Archbishop Martin launches pastoral for Temperance Sunday and Lent 2007

16 Feb 2007



Speaking notes of
Most Rev. Diarmuid Martin
Archbishop of Dublin, Primate of Ireland
Father Mathew Statue, O’Connell Street, Dublin
16th February 2007

I suppose that many will react to a Pastoral Letter of the Irish Bishops urging moderation regarding alcohol by saying that the bishops are at it again being negative.  Just as Ireland is acquiring new self confidence and is enjoying its successes, the bishops are once again preaching old fashioned morals against the tide of modernity.

The fact is that moderation is very much a term of modernity. Rarely has the basic revelation of the Judeo-Christian tradition about the responsible stewardship of the goods of God’s creation been so relevant as today.

Our time is one in which the range of choices open to us is in many ways unparalleled.  For the person of our times it is this range of choices that is one of the key elements of modernity.  The person of our times does not want to be told what to do; does not want anyone to take away his or her freedom to choose or to qualify how he or she chooses with words like temperance or even less abstinence.

Recent discussions in the international media on climate change and global warming have however starkly reminded us of the importance of moderation. By moderation I mean responsible use of the goods of creation. By responsible I mean using the goods of creation in a manner which will enhance the conservation of that original harmony which God instilled in his creation.  I mean using the goods of creation in such a way that those who come after me will also be able to enjoy them in the same integrity.  Human lack of moderation is working disastrous effects on the integrity of God’s creation.

        We could say something similar about health.  Many of the current life-style diseases which characterize our developed societies are due in no small part to our misuse of the things which God had given us for our nourishment and to not treating our own bodies in a responsible way.  Moderation is the word which doctors use about diet.  Moderate is the words about they use about the type of exercise we need to take.  Where we do not attain a sense of moderation regarding food, drink and exercise, we put our health and life at risk.
Moderation and responsibility are also social values.  It cannot be stressed enough that drunk driving is irresponsible and unacceptable.  Where people still refuse to recognise this then they put the lives of others at risk.

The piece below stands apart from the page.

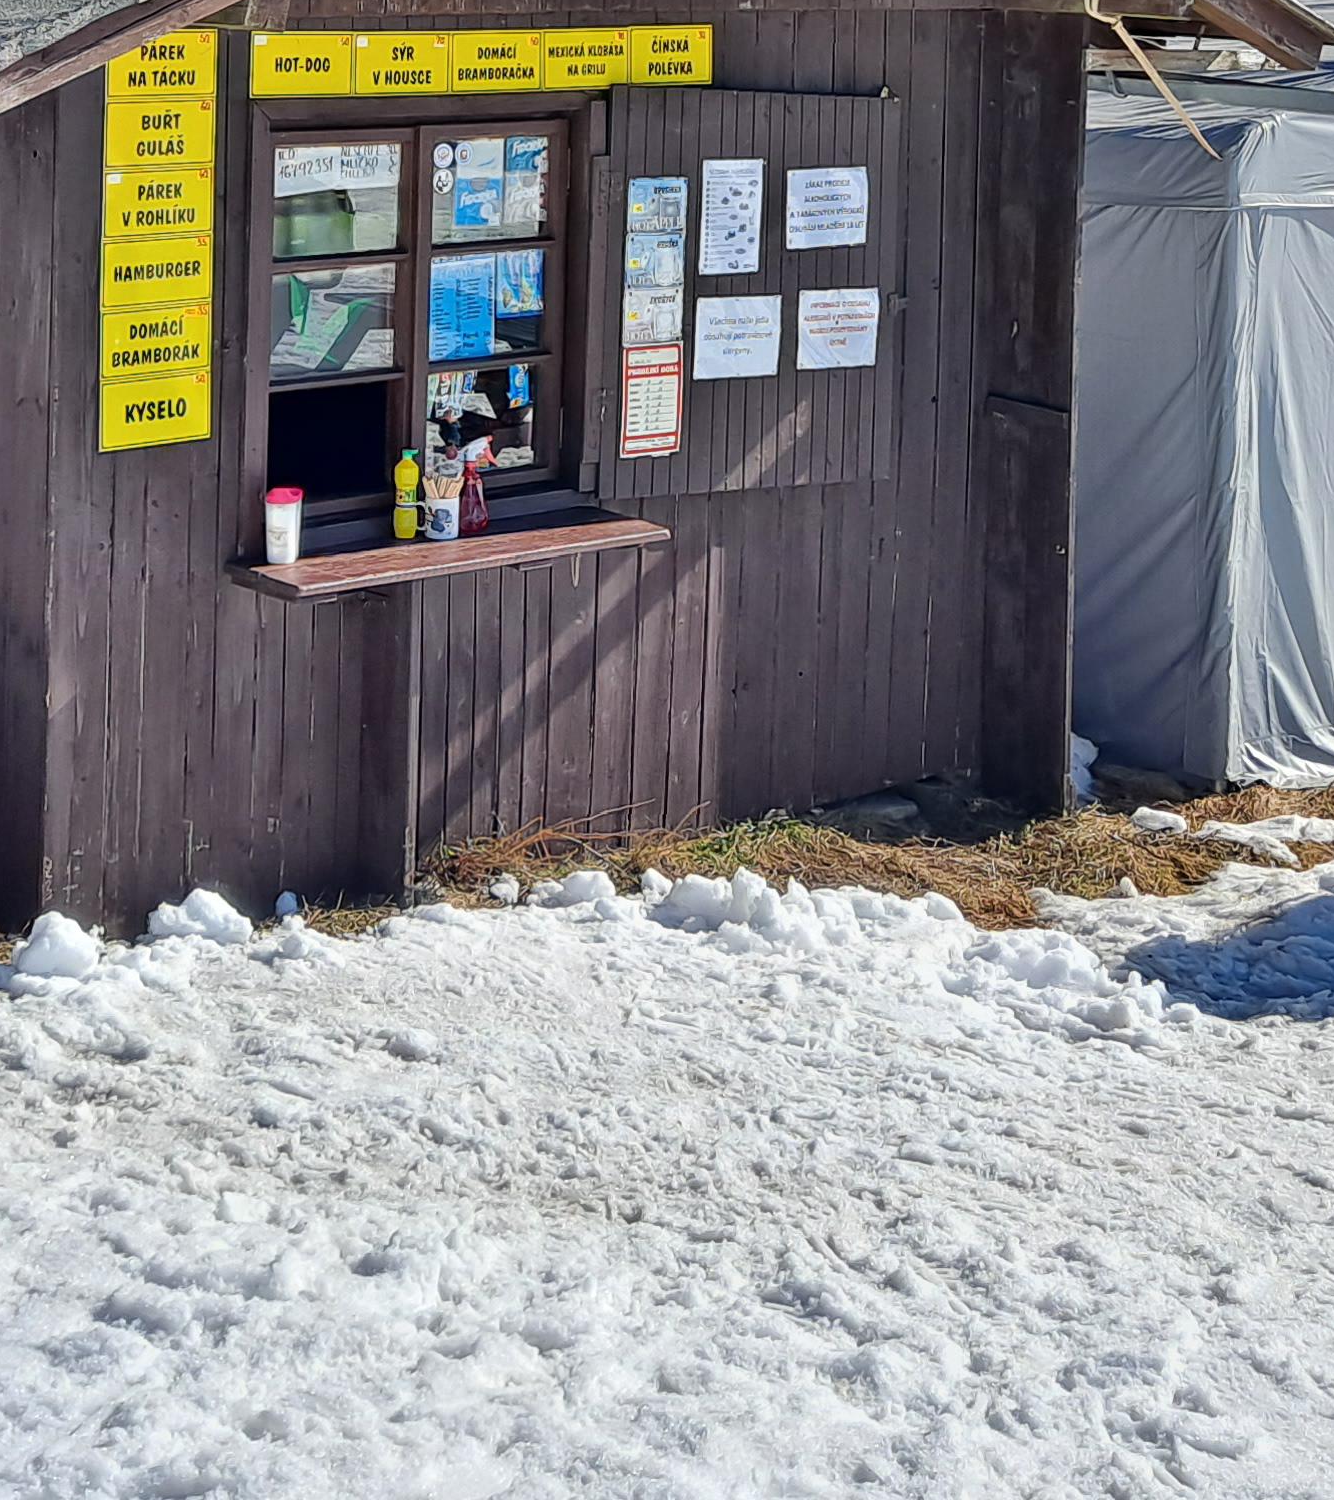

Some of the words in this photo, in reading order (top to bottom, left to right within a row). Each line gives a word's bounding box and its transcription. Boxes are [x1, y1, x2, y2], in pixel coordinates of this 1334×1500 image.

        Moderation is an attitude which demonstrates human maturity and responsibility.   The Bishops Pastoral on the one hundred and fiftieth anniversary of the death of Father Theobold Mathew is an appeal to all of us to acquire a sense of responsibility and moderation as a means of fostering our health, our bodies, our relationships and our spiritual identity.

        The Bishops Pastoral is an appeal to all.  There is a tendency in Ireland to think that other people have a drink problem.  Perhaps we should look at it in another way:  each one of us – without exception – has challenge to address about drink.    How we respond depends on our situation.  Some may know from bitter experience that total abstention from alcohol is the only way for them if they are to avoid the disastrous path of prolonged dependence.   Others should be asking questions about the extent of their consumption of alcohol.  The choices remain ours.  But the responsibility is ours also.

Parents should be talking to their children about a responsible approach to alcohol.  This is difficult today when there are even more dangerous options about for young people.  The challenge of alcohol still remains.

All of us should be making our voices heard against the problem of binge drinking, which is still at times glorified or excused as being part our way of celebrating certain occasions.

The Bishops’ Pastoral looks at these challenges in a broad manner and Bishop Eamonn Walsh will be giving you some illustration of the concrete suggestions and proposals it contains.   He will also draw attention to the educational work that is being done in parishes by the Bishops’ Alcohol and Drugs awareness programme.

No one can deny that Ireland still has a long way to go in facing the challenge of moderation in the use of alcohol in a new way.   We have to look on temperance and moderation as ways in which we develop a responsible life-style which ensures that our own bodily and spiritual life, and the physical and social environment we create, will truly reflect and foster that original integrity which God gave them.